Deborah Perlick, PhD

        TBI-related deficits in memory and executive functioning, if not understood and addressed, can lead to friction among family members. To begin to address this problem, a pilot study was recently conducted with funding from the Department of Defense (#W81XWH-08-0054) and the MIRECCs for VISNs 3 and 6. The study evaluated the feasibility, acceptability, and initial efficacy of implementing a novel adaptation of the multifamily group (MFG) treatment model developed for persons with Serious Mental Illness and members of their families to facilitate coping with the problems associated with mental illness. While the original MFG model teaches problem-solving skills, the adapted model also incorporates skills training from other evidence-based treatments (e.g., emotion regulation from Dialectical Behavior Therapy and communication training from Behavioral Family Therapy). Compensatory strategies for TBI-related deficits and education about TBI and comorbid disorders are included as well.

The study included 14 OEF/OIF Veterans and a spouse, partner or other family member for each. The intervention consisted of 2-3 initial “joining” sessions for individual families, a 2-session educational workshop, and 12 bimonthly MFG sessions. Participating Veterans reported significant positive outcomes, including improvements in anger control, use of social supports and occupational activity.

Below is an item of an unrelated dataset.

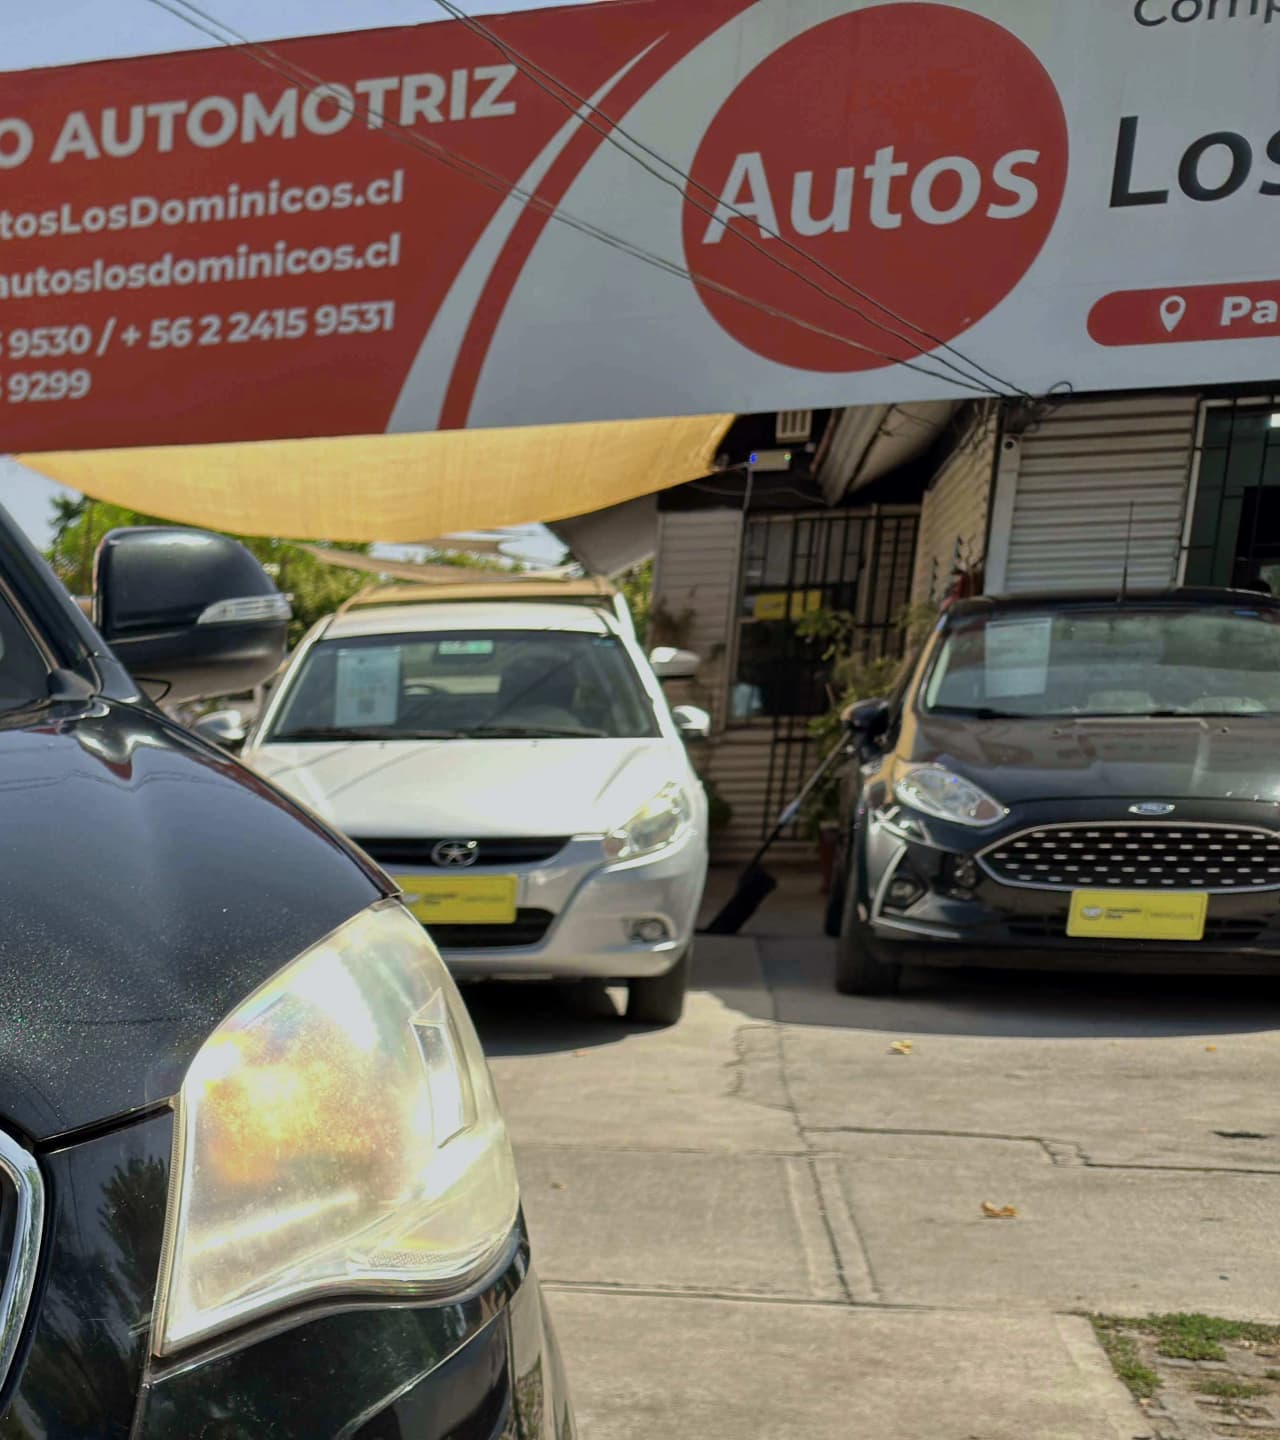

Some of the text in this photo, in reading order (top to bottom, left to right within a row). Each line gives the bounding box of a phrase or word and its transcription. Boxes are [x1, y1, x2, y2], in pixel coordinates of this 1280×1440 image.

Family members reported reduced burden and increased empowerment.

 After the end of the treatment, MFG participants who took part in focus groups identified treatment benefits in four areas: 1) exploring common struggles and reducing isolation; 2) building skills to cope with TBI and related problems; 3) increasing understanding of the interconnection between TBI and PTSD; 4) rebuilding relationships through communication and understanding. Participating Veterans and family members also offered recommendations to improve and increase access to the program. Overall, they found MFG-TBI highly acceptable.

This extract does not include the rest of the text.